On 08/27/2014 02:56 PM, Thierry Reding wrote:
> On Wed, Aug 27, 2014 at 12:35:24PM +0200, Hans de Goede wrote:

<snip>

>>>> So second of all, Thierry, what exactly is the technical argument against
>>>> adding support for dealing with clocks to simplefb ?
>>>
>>> I've already stated technical arguments against it. You could just go
>>> back and read the thread again, or would you rather want me to repeat
>>> them for your convenience?
>>
>> It is a long thread, IIRC your main arguments against this are:
>>
>> 1) You don't want this kind of platform-specific knowledge in simplefb
>> 2) That simplefb is supposed to be simple, and this is not simple
>>
>> As for 1. several people have already argued that clocks as such are
>> an abstract concept, found one many platforms and as such are not
>> platform specific.
> 
> That alone doesn't justify this patch. SoCs often have a requirement to
> enable clocks in a specific order, for example. Other systems may need
> to coordinate clocks with resets in a specific order or enable power
> domains and such. All that is very SoC specific and if we don't make it
> very clear what this driver assumes about the state of the system, then
> we can't object to anybody adding support for those later on either. The
> result of that is going to be a driver that needs to handle all kinds of
> combinations of resources.

The problems your talking about here all have to do with ordering how
things are enabled, but what we're talking about here is keeping things
enabled which are already enabled by the bootloader, so there is no
ordering problem.

> So while clocks themselves are fairly generic the way in which they need
> to be used is highly platform-specific.
> 
> Let me also reiterate what I've said a couple of times already. The
> issue here isn't that simplefb needs to manage these clocks in any way.
> Firmware has already set them up so that display works. The reason why
> you need this patch is so that the clock framework doesn't automatically
> turn them off. With the proposed patch the driver enables these clocks,
> but that's not what it needs to do, they are already on. It's a work
> around to prevent the clock framework into not disabling them.
> 
> So as far as I'm concerned this points to a fundamental issue with how
> the clock framework handles unused clocks. Therefore that is the problem
> that should be solved, not worked around.

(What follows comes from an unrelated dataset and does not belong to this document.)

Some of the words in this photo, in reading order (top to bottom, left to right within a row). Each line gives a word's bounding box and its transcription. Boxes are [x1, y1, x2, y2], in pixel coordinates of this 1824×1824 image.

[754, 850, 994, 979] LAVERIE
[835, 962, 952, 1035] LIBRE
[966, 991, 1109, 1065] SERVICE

Hmm I see, in my mind the problem is not that the clk framework disables
unused clocks, but that no one is marking the clocks in question as used.
Someone should mark these clocks as used so that they do not get disabled.

We could add a clk_mark_in_use function and have the simplefb patch call
that instead of clk_prepare_and_enable, or maybe even better just only
claim the clks and teach the clk framework to not disable claimed clk
in its cleanup run. That would make it clear that simplefb is not enabling
anything, just claiming resource its need to avoid them getting removed
from underneath simplefb, would that work for you ?

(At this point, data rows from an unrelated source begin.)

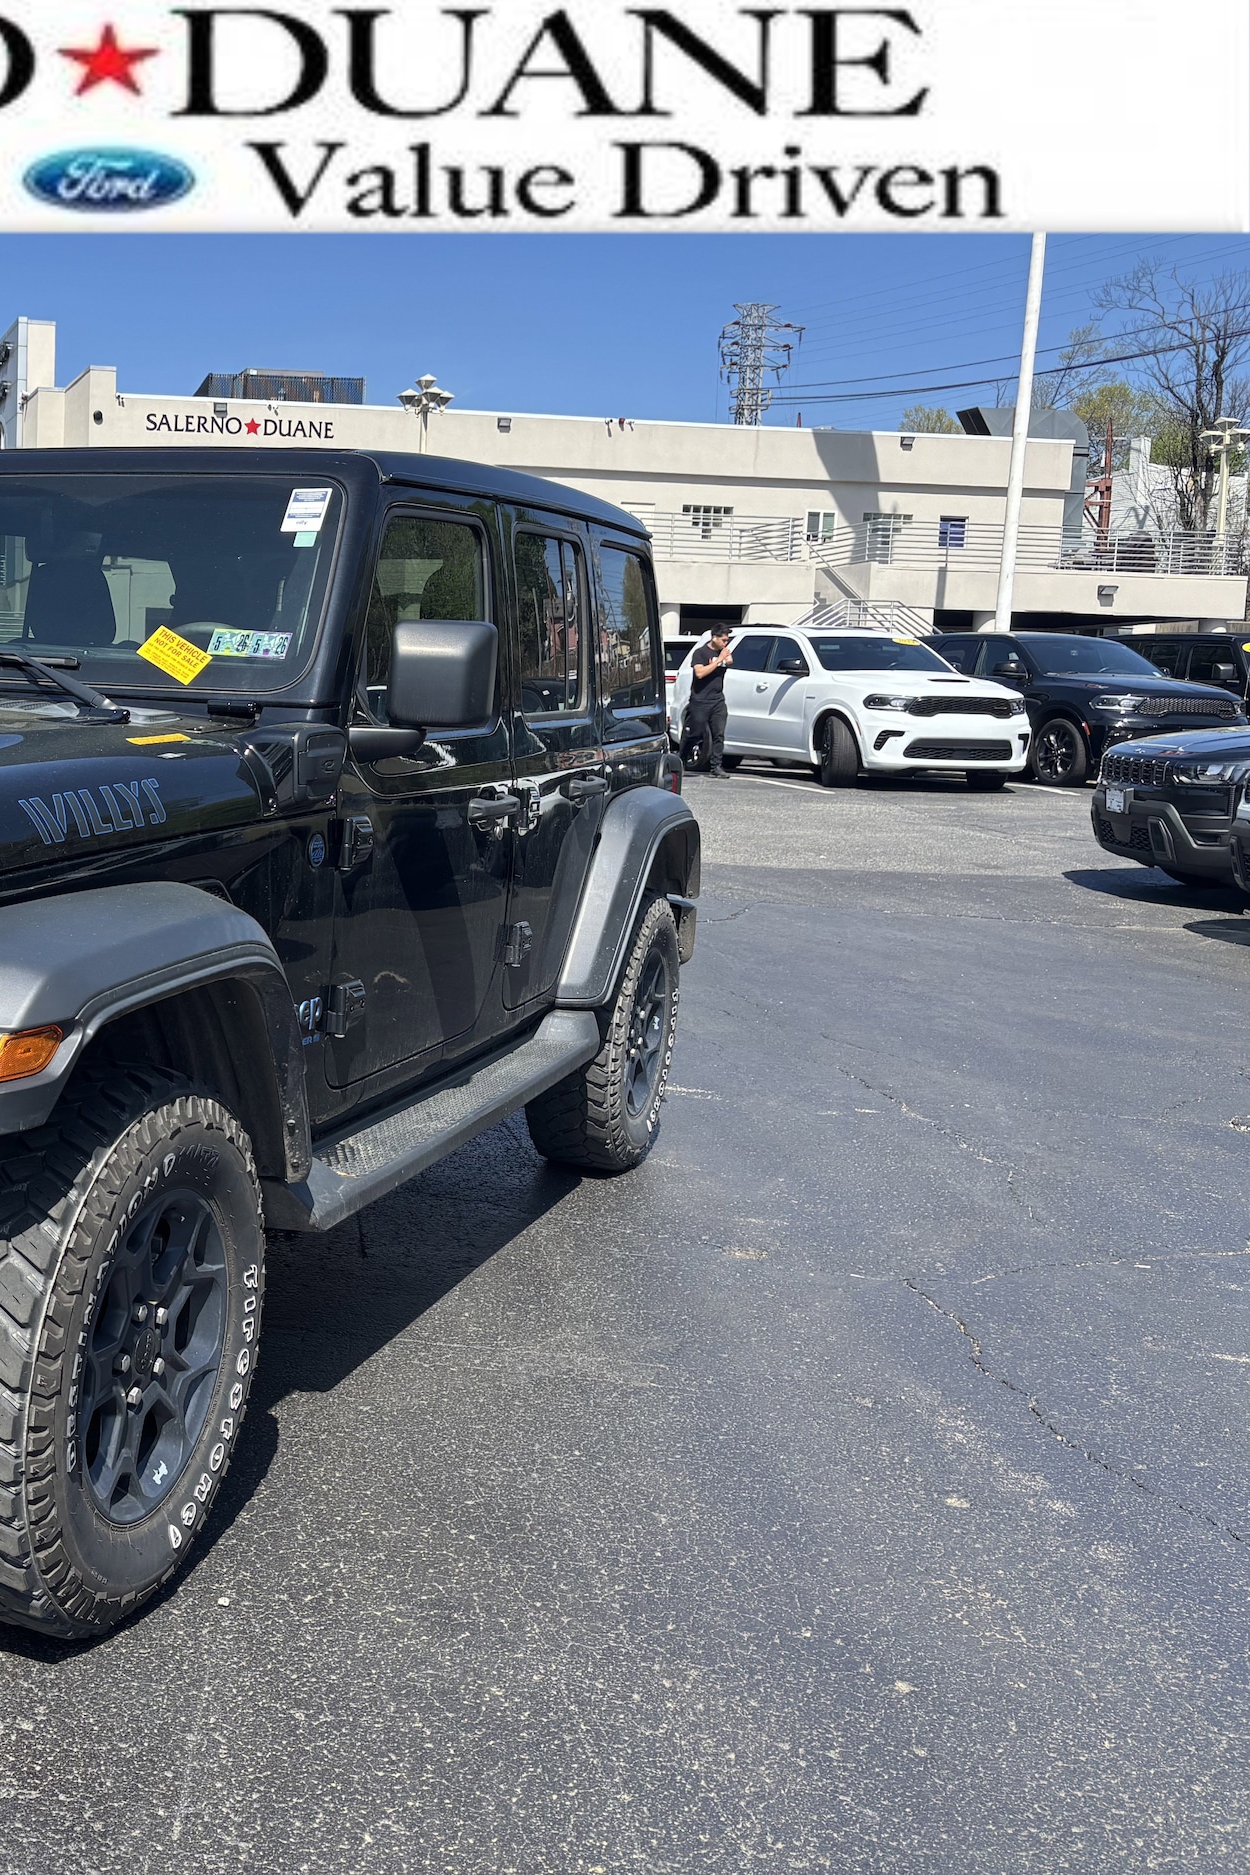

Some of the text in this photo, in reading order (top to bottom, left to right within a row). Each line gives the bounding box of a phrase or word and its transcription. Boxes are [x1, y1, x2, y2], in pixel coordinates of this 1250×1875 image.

[146, 413, 334, 439] SALERNO DUANE
[154, 637, 200, 669] NOT FOR SALE
[159, 629, 177, 644] THIS
[175, 639, 208, 664] VEHICLE
[213, 636, 223, 651] 5
[252, 638, 262, 653] 5
[18, 778, 167, 845] WILLYS

>> Any generic hw driver dealing with embedded platforms, be it ahci, ohci,
>> ehci, etc. has ended up adding abstract support for things like clocks
>> (and other resources). I say abstract support here, since to all these
>> drivers the support was added in a way that no platform specific knowledge
>> is necessary, they just deal with clocks not caring about the specific
>> underlying clock implementation, clock names, etc.
> 
> Yes, I know that. You and I both had a very similar discussion not so
> long ago. But the above aren't quite the same as simplefb. The devices
> follow at least a well-known standard (EHCI, OHCI, AHCI), so there's
> bound to be more commonalities between them than between the various
> display devices that simplefb potentially can support.
> 
> Interestingly though, if you look at what hardware really is supported
> by the generic drivers that deal with embedded platforms, there isn't
> all that much diversity (I've manually stripped out non-DTS occurrences
> since they aren't relevant for this discussion):

That is because the generic platform drivers were only added recently
to stop the insanity where each new soc got its own ohci-soc.c /
ehci-soc.c file.

<snip>
> 	arch/arm/boot/dts/rk3288.dtsi:199:              compatible = "generic-ehci";
> 	arch/arm/boot/dts/rk3288.dtsi:210:              compatible = "generic-ehci";

(offtopic) And I see that despite the recent addition, we actually already have our
first non sunxi user, good, I didn't even know the rockchip guys were using this :)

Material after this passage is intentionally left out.